Skip the images and return the records below exactly.

[SOURCE MATERIAL]
[Start of section]

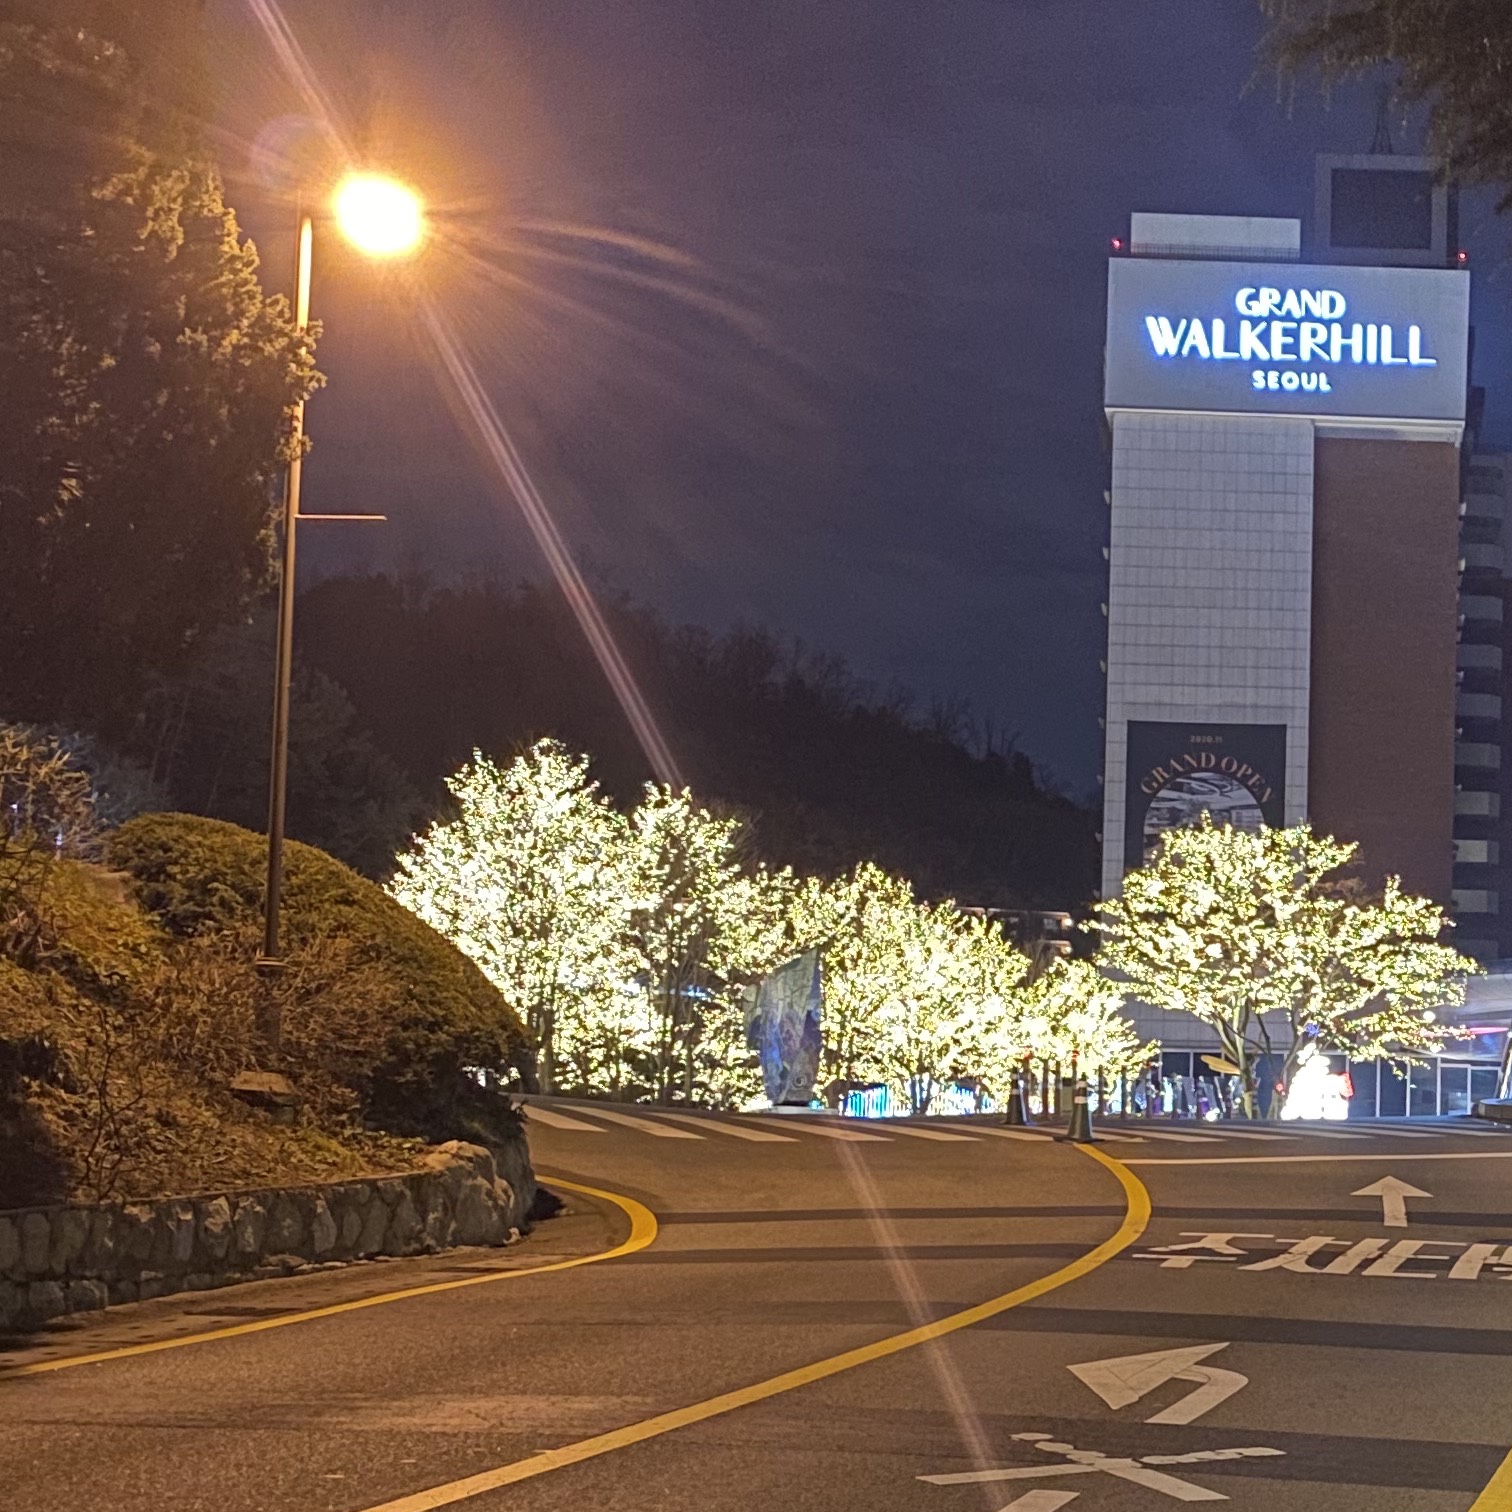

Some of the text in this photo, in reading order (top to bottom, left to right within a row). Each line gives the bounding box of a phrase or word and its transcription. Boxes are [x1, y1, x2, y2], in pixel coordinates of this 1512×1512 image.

[1235, 287, 1346, 319] GRAND
[1145, 315, 1437, 367] WALKERHILL
[1252, 370, 1332, 391] SEOUL
[1141, 752, 1272, 803] GRAND OPEN
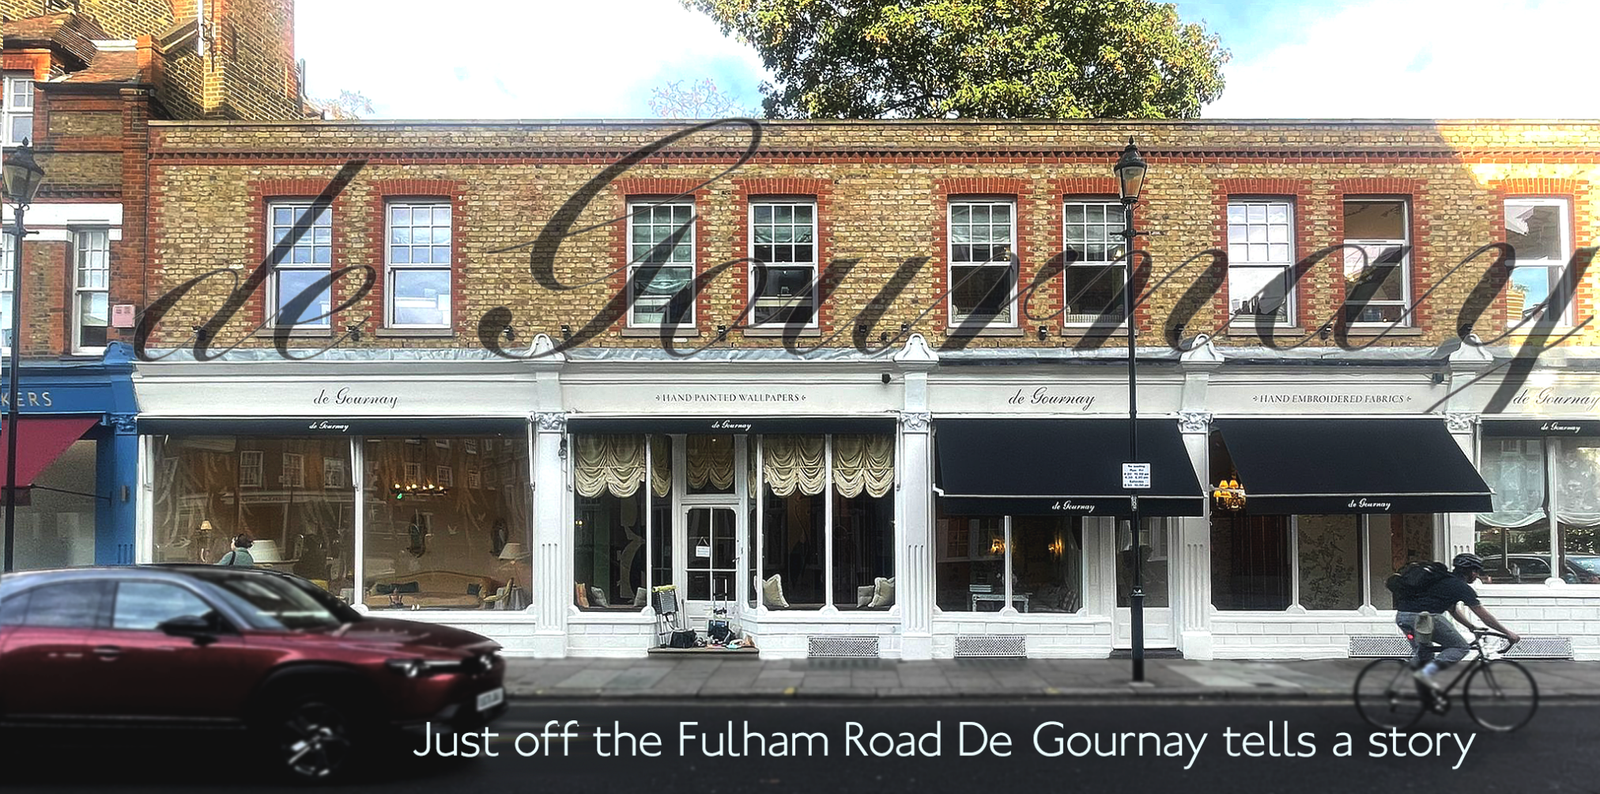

[End of section]

[RESPONSE FOR THIS EXERCISE]
Some of the text in this photo, in reading order (top to bottom, left to right within a row). Each line gives the bounding box of a phrase or word and its transcription. Boxes are [x1, y1, x2, y2], in pixel coordinates of this 1512×1512 image.

[1235, 287, 1346, 319] GRAND
[1145, 315, 1437, 367] WALKERHILL
[1252, 370, 1332, 391] SEOUL
[1141, 752, 1272, 803] GRAND OPEN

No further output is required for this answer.